Minhas pernas balançam enquanto piso firme pelo chão. Meu mundo se quebrando a cada passo que dou.
— Eu ferrei tudo, Ness. Mas minhas filhas não podem pagar pelo que eu fiz.

— Pare de dizer que você fez alguma coisa. Deus que me perdoe, mas foi Alda quem provocou tudo isso. E nós vamos provar isso nem que seja a última coisa que nós faremos em vida.

Deus queira que ele esteja certo. Porque neste momento... Eu não posso confiar em mais nada.
— Eu... Eu preciso desligar agora. Isso é demais para mim.

Não espero ele responder, e encerro a chamada. Leva tudo de mim para não arremessar o celular nas montanhas. Mas eu não faço. Eu volto para o quarto, e desabo na cama ao lado de Abby. Eu não posso perdê-las.
Eles não podem me tirar a vida.

                      ~*~*~*~

— Está tudo bem? - pergunta Valley soprando suas palavras em meu ouvido. — Você parece... aéreo.

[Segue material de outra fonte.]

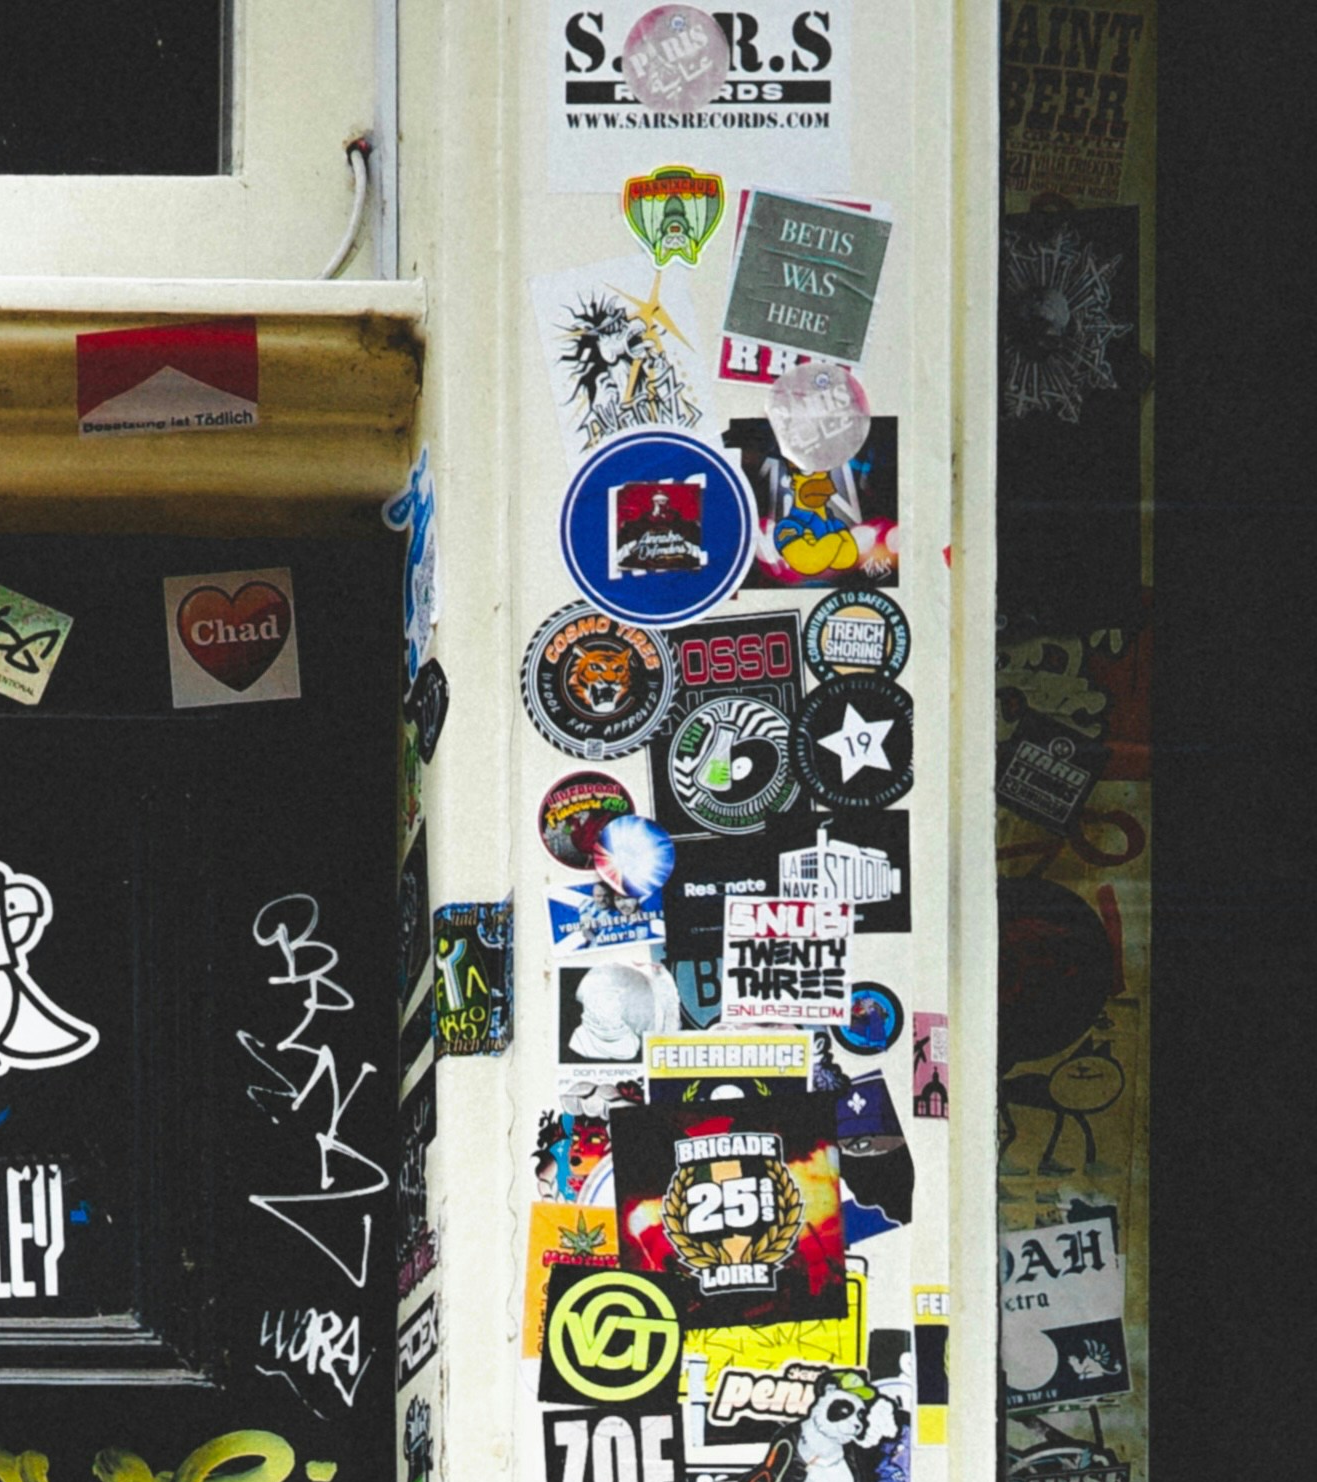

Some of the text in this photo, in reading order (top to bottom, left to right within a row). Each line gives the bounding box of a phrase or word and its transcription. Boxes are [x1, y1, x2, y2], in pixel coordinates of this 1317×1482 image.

Agito minha cabeça concordando, e olho para longe dela. Minhas filhas estão caminhando entorno da mesa do café da manhã na medida em que escolhem o que vão comer hoje.
Valley aproveitou que me viu sentado sozinho, e rapidamente se aproximou. Se eu não tivesse ligado para Ness antes, e ter ouvido tudo que ele me disse... Eu até poderia sorrir e puxar Valley para mim.
Mas não me sinto animado o suficiente para isso. Minhas filhas sentiram a mudança do meu humor quando levantaram e me encheram de perguntas e eu só respondia como se eu só soubesse duas palavras: sim e não.
Se eu pudesse eu apagaria esse dia.

Sua mão pousa em meu ombro, e ela insiste: — Você me contaria se alguma coisa ruim estivesse acontecendo sim?

Balanço minha cabeça concordando, mas estou mentindo. Porque há muitas coisas ruins acontecendo, e eu não posso dizer para ela.

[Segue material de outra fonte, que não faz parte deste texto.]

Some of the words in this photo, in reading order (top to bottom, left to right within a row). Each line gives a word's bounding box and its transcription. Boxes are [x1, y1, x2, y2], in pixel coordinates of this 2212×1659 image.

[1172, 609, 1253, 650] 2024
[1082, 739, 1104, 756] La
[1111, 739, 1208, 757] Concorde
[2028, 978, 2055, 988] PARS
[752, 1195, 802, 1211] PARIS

— É sobre a gente? - sua mão treme em cima do meu ombro. — Quer dizer. Não é sobre alguma coisa que eu fiz sem ter percebido?

Porra.
Ela está achando que estou assim por causa dela.
— Você não fez nada de errado, Valley. E está tudo bem entre nós. Tudo.

Seus olhos semicerram em desconfiança, e ela me encara de um jeito que faz meus olhos piscarem rápido. É como se ela tivesse tentando descobrir o que eu não estou falando. O que eu estou escondendo de todos.
— Ok. - suspira ela, tirando a mão do meu ombro. — Eu não sei se é o momento para isso, mas eu tenho algo para contar pra você.

Levanto uma sobrancelha.
— O que é?

Ela pressiona os lábios, e aperta os dedos.
— Parker está vindo, e... - suas palavras param quando ela vê uma expressão feia se formar em meu rosto.

— Eu não quero saber sobre ele. - respondo, e minhas palavras acabam saindo de um jeito duro, e seco.

Ela inspira fundo.
— Mas isso tem haver com nós.

— Em que sentindo? - retruco começando a sentir-me irritado. Mas não é por ela. Não é pelo que ela está querendo me dizer. É por tudo. Pela vida. Pela Alda. E pelos seus pais que querem me afastar das minhas filhas.

Ela pisca, e olha pra baixo.
— Eu... Eu não deveria ter contado isso. Você não está em um bom momento. Sinto muito.

Ela começa a se afastar, mas antes que esteja totalmente longe da minha mesa, eu pego o braço dela quando levanto. Meu corpo rapidamente liga na tomada quando meus dedos encontram sua pele brilhosa.
— Desculpe. - peço, e acaricio sua pele.

Ela olha para os lados no intuito de ver se alguém está olhando para gente.
— Está tudo bem. Eu preciso voltar para cozinha.

— O que você estava falando antes? Parker está vindo e...?

Ela agita a cabeça fazendo seus cabelos voarem por cima dos ombros.
— Deixa pra lá... Não era nada importante.

Ela vai embora, e eu desabo em minha cadeira.
Porra.
Eu não deveria ter descontado nela.

— Papai olha o que eu escolhi. - diz Abby voltando com dois pratos em suas mãos. Mais atrás está Alisson e ela está carregando quase todo bolo que estava na mesa. Mesmo irritado para o dia eu acabo sorrindo para elas. Não posso perdê-las.